Output the entries exactly as they appear. Pictures should not be included.

** Opening Supplied entries block **

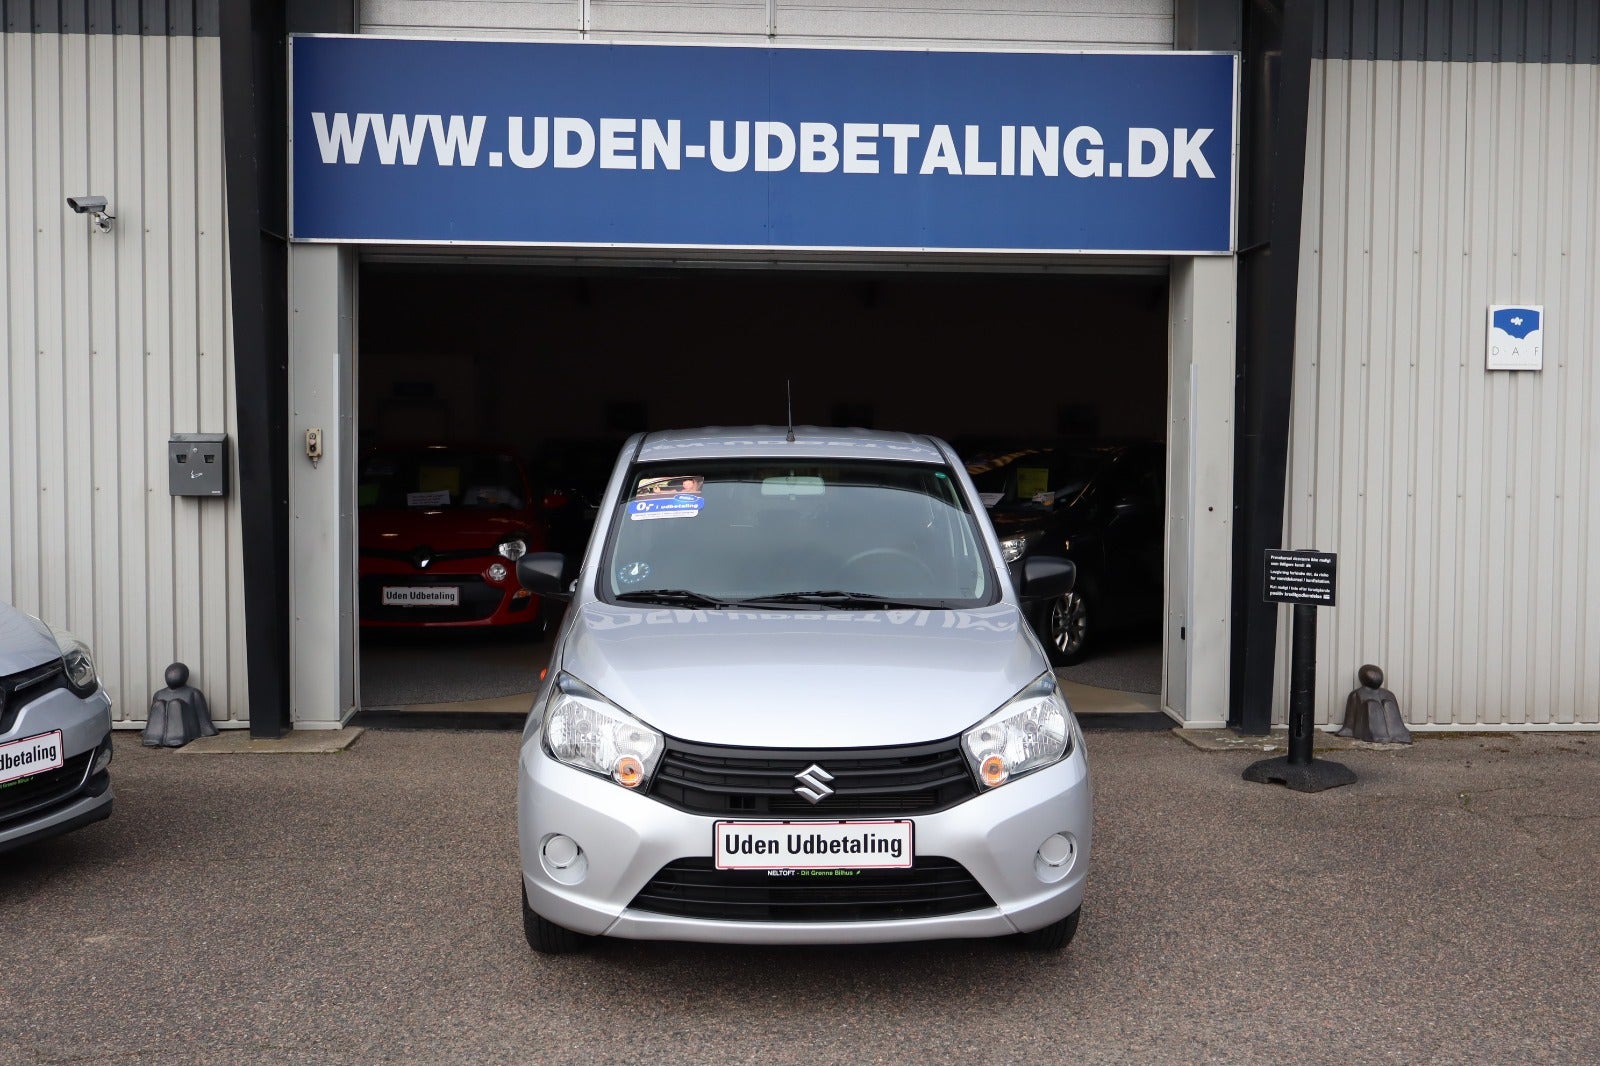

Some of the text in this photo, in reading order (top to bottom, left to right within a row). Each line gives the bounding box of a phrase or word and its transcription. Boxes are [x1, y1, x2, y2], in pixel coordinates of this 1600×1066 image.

[311, 111, 1216, 179] WWW.UDEN-UDBETALING.DK
[386, 591, 455, 601] Uden Udbetaling
[0, 745, 56, 771] dbetaling
[725, 833, 902, 858] Uden Udbetaling

** Closing Supplied entries block **

> Written response
Some of the text in this photo, in reading order (top to bottom, left to right within a row). Each line gives the bounding box of a phrase or word and its transcription. Boxes are [x1, y1, x2, y2], in pixel coordinates of this 1600×1066 image.

[311, 111, 1216, 179] WWW.UDEN-UDBETALING.DK
[386, 591, 455, 601] Uden Udbetaling
[0, 745, 56, 771] dbetaling
[725, 833, 902, 858] Uden Udbetaling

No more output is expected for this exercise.